The currency had recovered a little as some exporters took out currency cover and the Australian dollar had similarly bounced off its lows, Kelleher said.
However, the kiwi/Aussie cross continues to move closer to parity. The domestic currency was trading at 98.99 Australian cents at 5pm, off the day’s high at 99.38, from 98.82 at the same time yesterday.
While new infections with the covid-19 virus in China, where the disease began in December, have slowed to a trickle, they are increasing exponentially in Europe, particularly in Italy, Germany, France and Spain.

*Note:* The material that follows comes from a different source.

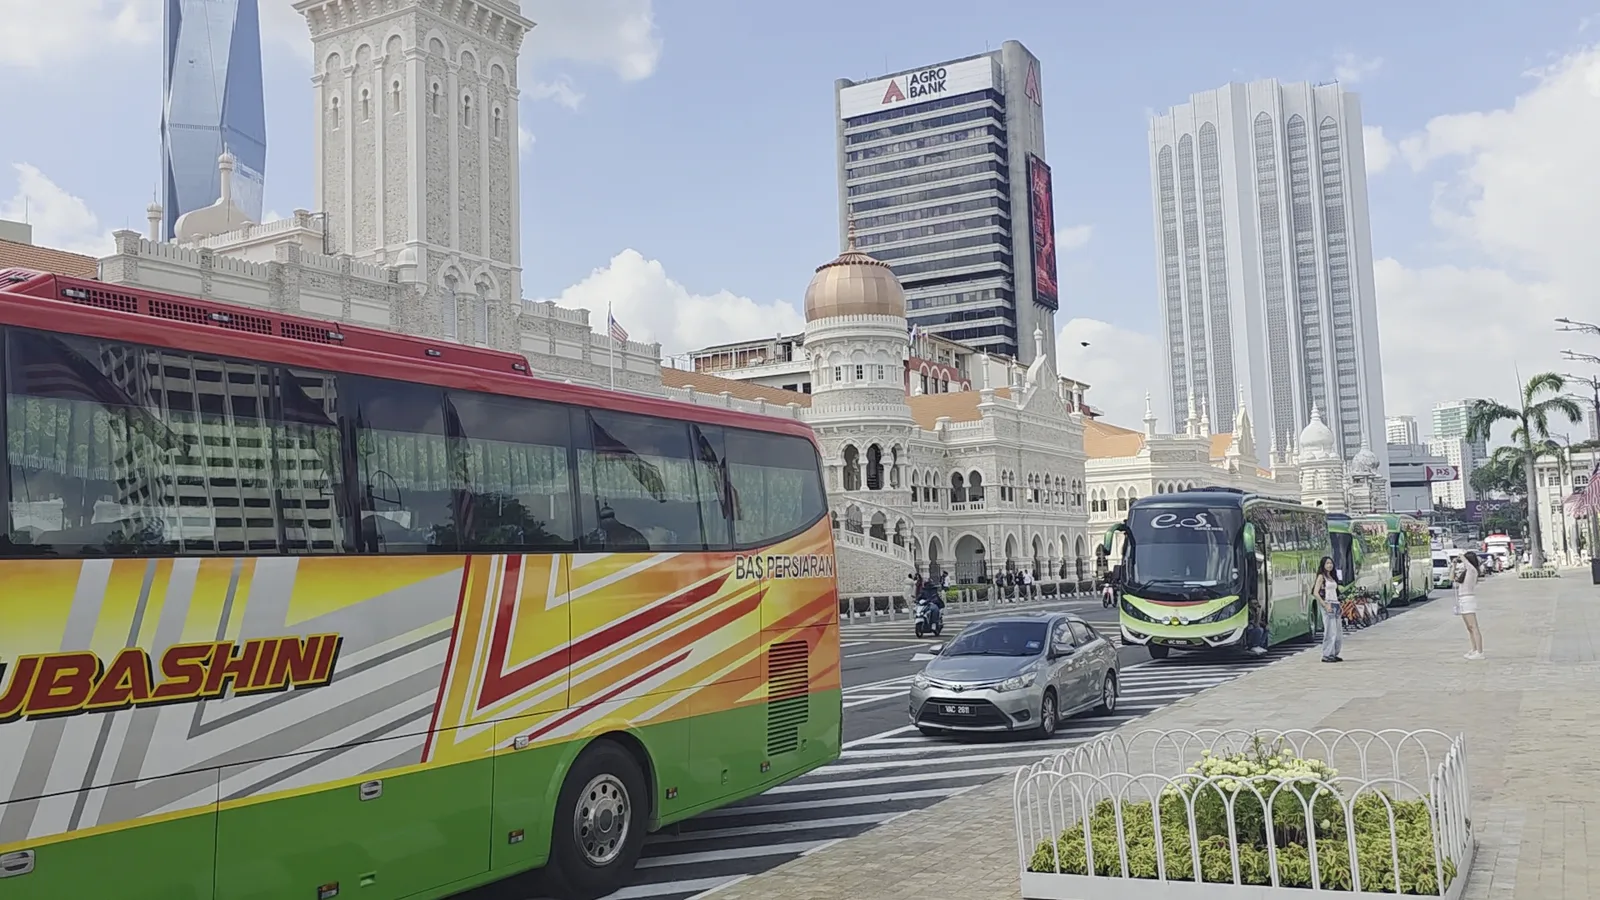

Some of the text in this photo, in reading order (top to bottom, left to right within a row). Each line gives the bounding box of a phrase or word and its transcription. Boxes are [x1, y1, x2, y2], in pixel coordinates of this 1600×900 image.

[910, 68, 947, 86] AGRO
[910, 80, 947, 98] BANK
[735, 554, 834, 580] BAS PERSIARAN

Worldwide infections total 198,426, with those outside of China overtaking its 80,894 cases, and deaths are approaching 8,000.
More and more countries are now instituting partial or full shutdowns while international travel is rapidly diminishing.
Auckland International Airport reported that international traveller numbers on Monday were down 44 per cent from a year earlier and that international passenger numbers in the seven days ended March 16 were down 25 per cent on the same week a year earlier.
And United Airlines has announced further cuts to both domestic US flights and international flights.
United has cut flights within the US and Canada by 42 per cent and international flights by 85 per cent.
However, the US airline said it will operate about 45 daily flights in April throughout the Pacific, Atlantic and Latin America, including daily flights out of Washington Dulles airport to London and out of New York/Newark to Brussels, Frankfurt, London, Mumbai, New Delhi and Tel Aviv.
The New Zealand dollar was trading at 49.19 British pence from 49.37 yesterday, at 54.03 euro cents from 54.15, at 63.86 yen from 64.68 and at 4.1775 Chinese yuan from 4.2343.
The bid price on the two-year swap rate rose to 0.7154 per cent from 0.6914 yesterday while 10-year swaps climbed to 1.2800 per cent from 1.1850 per cent.